# Annotated photo localization data

┌──

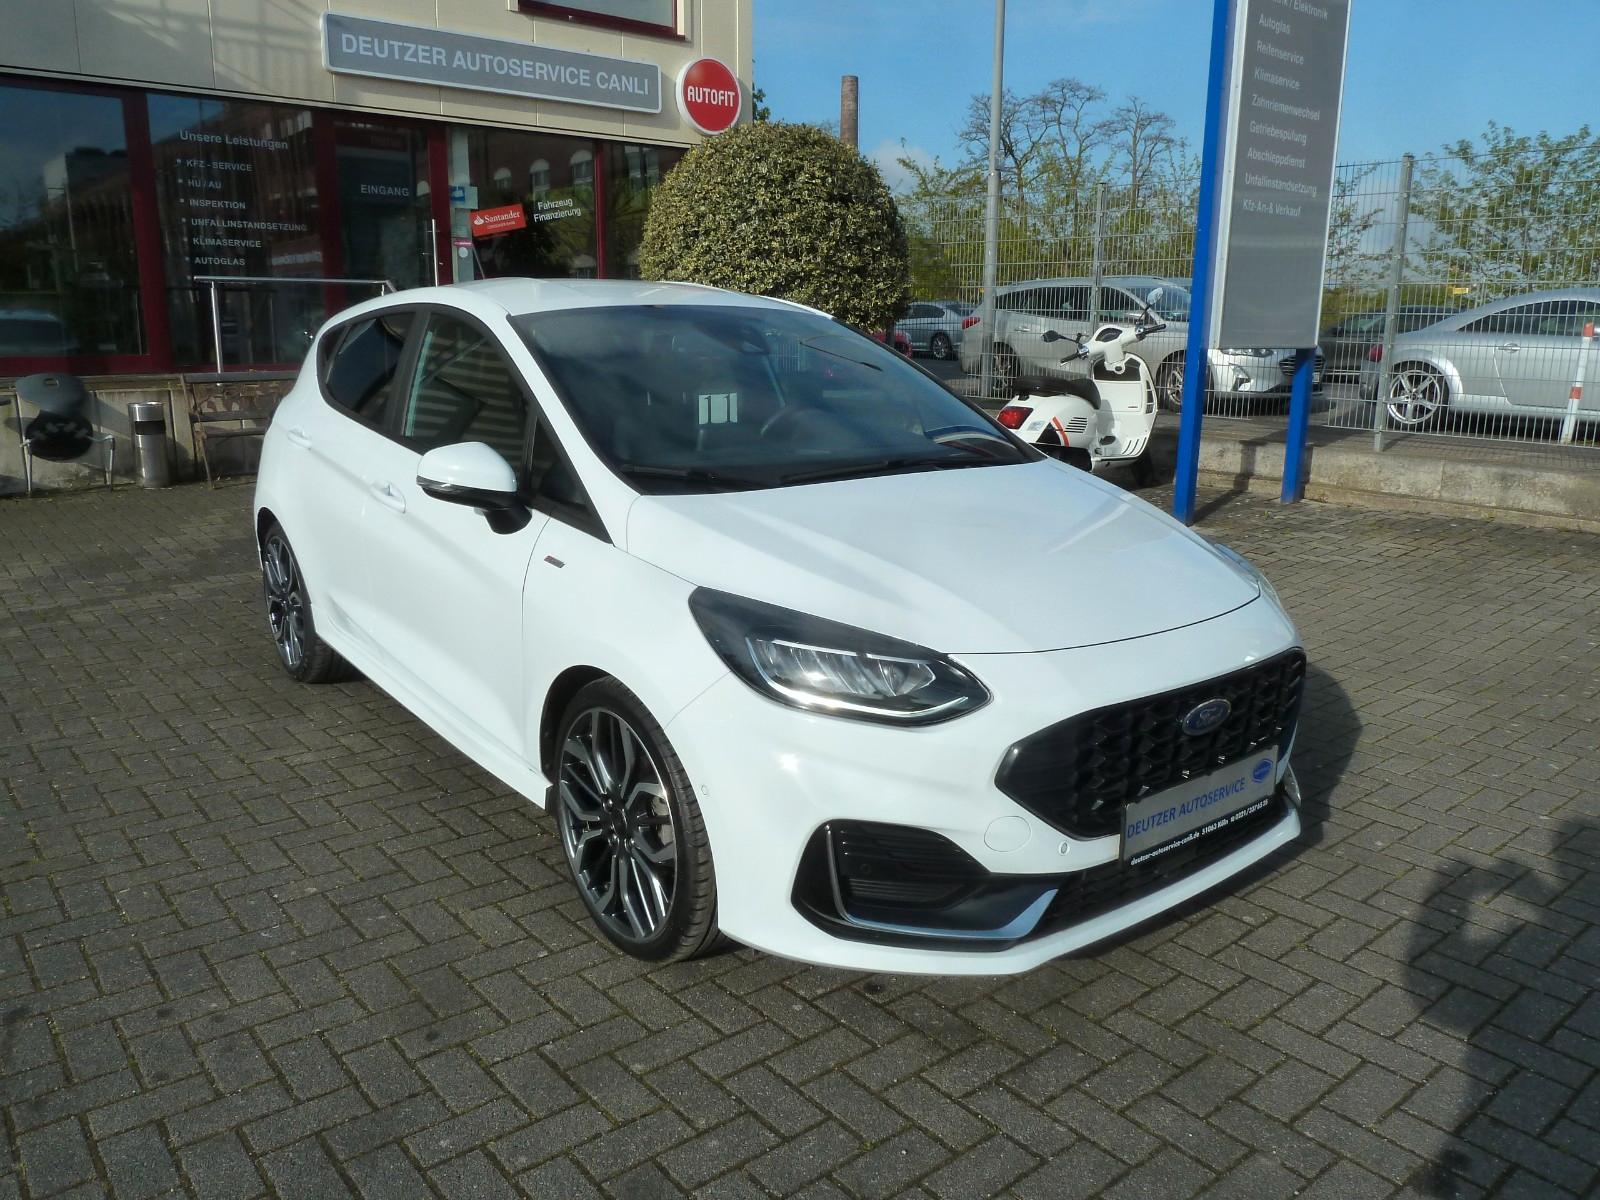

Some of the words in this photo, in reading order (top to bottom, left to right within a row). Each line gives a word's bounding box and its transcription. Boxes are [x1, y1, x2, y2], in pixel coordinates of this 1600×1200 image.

[1293, 0, 1329, 20] Elektronik
[1258, 13, 1291, 34] Autoglas
[1256, 40, 1304, 65] Reifenservice
[340, 33, 447, 66] DEUTZER
[451, 50, 591, 87] AUTOSERVICE
[596, 71, 650, 95] CANLI
[1254, 65, 1301, 90] Klimaservice
[687, 84, 737, 108] AUTOFIT
[1251, 93, 1321, 121] Zahnriemenwechsel
[179, 129, 222, 144] Unsere
[225, 135, 289, 151] Leistungen
[186, 159, 206, 168] KFZ
[212, 161, 253, 172] SERVICE
[1247, 147, 1306, 169] Abschleppdienst
[360, 184, 409, 197] EINGANG
[1245, 172, 1318, 198] Unfallinstandsetzung
[189, 199, 246, 209] INSPEKTION
[537, 198, 573, 211] Fahrzeug
[1275, 202, 1302, 218] Verkauf
[191, 218, 308, 232] UNFALLINSTANDSETZUNG
[484, 210, 520, 224] Santander
[533, 207, 582, 223] Finanzierung
[192, 237, 262, 248] KLIMASERVICE
[194, 257, 246, 266] AUTOGLAS
[1126, 806, 1176, 839] DEUTZER
[1178, 777, 1246, 816] AUTOSERVICE

└──

# Directions for this task
All lines above are to be restated word for word, with pictures excluded.

# Exercise solution
Some of the words in this photo, in reading order (top to bottom, left to right within a row). Each line gives a word's bounding box and its transcription. Boxes are [x1, y1, x2, y2], in pixel coordinates of this 1600×1200 image.

[1293, 0, 1329, 20] Elektronik
[1258, 13, 1291, 34] Autoglas
[1256, 40, 1304, 65] Reifenservice
[340, 33, 447, 66] DEUTZER
[451, 50, 591, 87] AUTOSERVICE
[596, 71, 650, 95] CANLI
[1254, 65, 1301, 90] Klimaservice
[687, 84, 737, 108] AUTOFIT
[1251, 93, 1321, 121] Zahnriemenwechsel
[179, 129, 222, 144] Unsere
[225, 135, 289, 151] Leistungen
[186, 159, 206, 168] KFZ
[212, 161, 253, 172] SERVICE
[1247, 147, 1306, 169] Abschleppdienst
[360, 184, 409, 197] EINGANG
[1245, 172, 1318, 198] Unfallinstandsetzung
[189, 199, 246, 209] INSPEKTION
[537, 198, 573, 211] Fahrzeug
[1275, 202, 1302, 218] Verkauf
[191, 218, 308, 232] UNFALLINSTANDSETZUNG
[484, 210, 520, 224] Santander
[533, 207, 582, 223] Finanzierung
[192, 237, 262, 248] KLIMASERVICE
[194, 257, 246, 266] AUTOGLAS
[1126, 806, 1176, 839] DEUTZER
[1178, 777, 1246, 816] AUTOSERVICE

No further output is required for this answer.